The data>
BEGIN

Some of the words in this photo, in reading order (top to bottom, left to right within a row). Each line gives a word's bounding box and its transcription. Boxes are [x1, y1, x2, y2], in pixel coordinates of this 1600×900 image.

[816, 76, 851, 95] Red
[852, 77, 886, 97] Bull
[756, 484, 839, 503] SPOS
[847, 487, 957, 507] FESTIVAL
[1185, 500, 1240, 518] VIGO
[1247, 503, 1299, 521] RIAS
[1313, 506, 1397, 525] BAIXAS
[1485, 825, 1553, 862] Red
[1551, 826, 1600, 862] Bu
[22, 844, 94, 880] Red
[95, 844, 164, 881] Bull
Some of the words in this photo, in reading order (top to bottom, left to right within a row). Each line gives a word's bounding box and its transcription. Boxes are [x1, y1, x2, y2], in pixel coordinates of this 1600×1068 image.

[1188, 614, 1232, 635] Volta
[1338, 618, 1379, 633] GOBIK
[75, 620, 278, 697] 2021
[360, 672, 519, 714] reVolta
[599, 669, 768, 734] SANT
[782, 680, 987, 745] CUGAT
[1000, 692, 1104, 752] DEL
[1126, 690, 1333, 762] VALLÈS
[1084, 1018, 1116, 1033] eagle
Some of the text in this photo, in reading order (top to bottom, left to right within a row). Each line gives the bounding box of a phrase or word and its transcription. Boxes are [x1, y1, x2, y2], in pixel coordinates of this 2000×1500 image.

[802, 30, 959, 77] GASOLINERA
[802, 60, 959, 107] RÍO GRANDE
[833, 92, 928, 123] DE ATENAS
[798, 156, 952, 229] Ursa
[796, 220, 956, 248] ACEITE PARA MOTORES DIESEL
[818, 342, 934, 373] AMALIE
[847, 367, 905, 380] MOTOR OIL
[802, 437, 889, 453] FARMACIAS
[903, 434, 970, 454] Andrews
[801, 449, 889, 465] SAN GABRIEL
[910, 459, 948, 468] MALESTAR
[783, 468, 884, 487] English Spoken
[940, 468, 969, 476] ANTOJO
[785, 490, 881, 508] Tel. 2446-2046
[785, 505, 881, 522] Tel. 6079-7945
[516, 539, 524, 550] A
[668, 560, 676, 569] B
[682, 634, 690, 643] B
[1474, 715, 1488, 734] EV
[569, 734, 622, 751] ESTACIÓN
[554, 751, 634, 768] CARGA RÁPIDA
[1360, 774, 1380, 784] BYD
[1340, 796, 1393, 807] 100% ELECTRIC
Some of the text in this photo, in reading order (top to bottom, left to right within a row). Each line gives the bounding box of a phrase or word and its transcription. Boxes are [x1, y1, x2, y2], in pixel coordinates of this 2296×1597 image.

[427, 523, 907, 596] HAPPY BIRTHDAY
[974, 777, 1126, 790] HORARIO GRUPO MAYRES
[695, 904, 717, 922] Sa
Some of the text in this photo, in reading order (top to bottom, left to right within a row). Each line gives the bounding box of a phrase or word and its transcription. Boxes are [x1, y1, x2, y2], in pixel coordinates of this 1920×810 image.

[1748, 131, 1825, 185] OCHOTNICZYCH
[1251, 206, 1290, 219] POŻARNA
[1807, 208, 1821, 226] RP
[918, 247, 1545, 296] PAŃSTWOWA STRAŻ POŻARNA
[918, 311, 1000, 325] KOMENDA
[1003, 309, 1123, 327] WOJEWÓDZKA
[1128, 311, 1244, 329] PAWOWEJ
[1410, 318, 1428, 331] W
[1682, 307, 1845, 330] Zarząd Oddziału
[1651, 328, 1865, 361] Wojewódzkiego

END

About this task>
Copy each line exactly, beginning at the one with "this 2296×1597 image." and stopping after the last line of the entries. Include nothing else.

Answer space>
Some of the text in this photo, in reading order (top to bottom, left to right within a row). Each line gives the bounding box of a phrase or word and its transcription. Boxes are [x1, y1, x2, y2], in pixel coordinates of this 2296×1597 image.

[427, 523, 907, 596] HAPPY BIRTHDAY
[974, 777, 1126, 790] HORARIO GRUPO MAYRES
[695, 904, 717, 922] Sa
Some of the text in this photo, in reading order (top to bottom, left to right within a row). Each line gives the bounding box of a phrase or word and its transcription. Boxes are [x1, y1, x2, y2], in pixel coordinates of this 1920×810 image.

[1748, 131, 1825, 185] OCHOTNICZYCH
[1251, 206, 1290, 219] POŻARNA
[1807, 208, 1821, 226] RP
[918, 247, 1545, 296] PAŃSTWOWA STRAŻ POŻARNA
[918, 311, 1000, 325] KOMENDA
[1003, 309, 1123, 327] WOJEWÓDZKA
[1128, 311, 1244, 329] PAWOWEJ
[1410, 318, 1428, 331] W
[1682, 307, 1845, 330] Zarząd Oddziału
[1651, 328, 1865, 361] Wojewódzkiego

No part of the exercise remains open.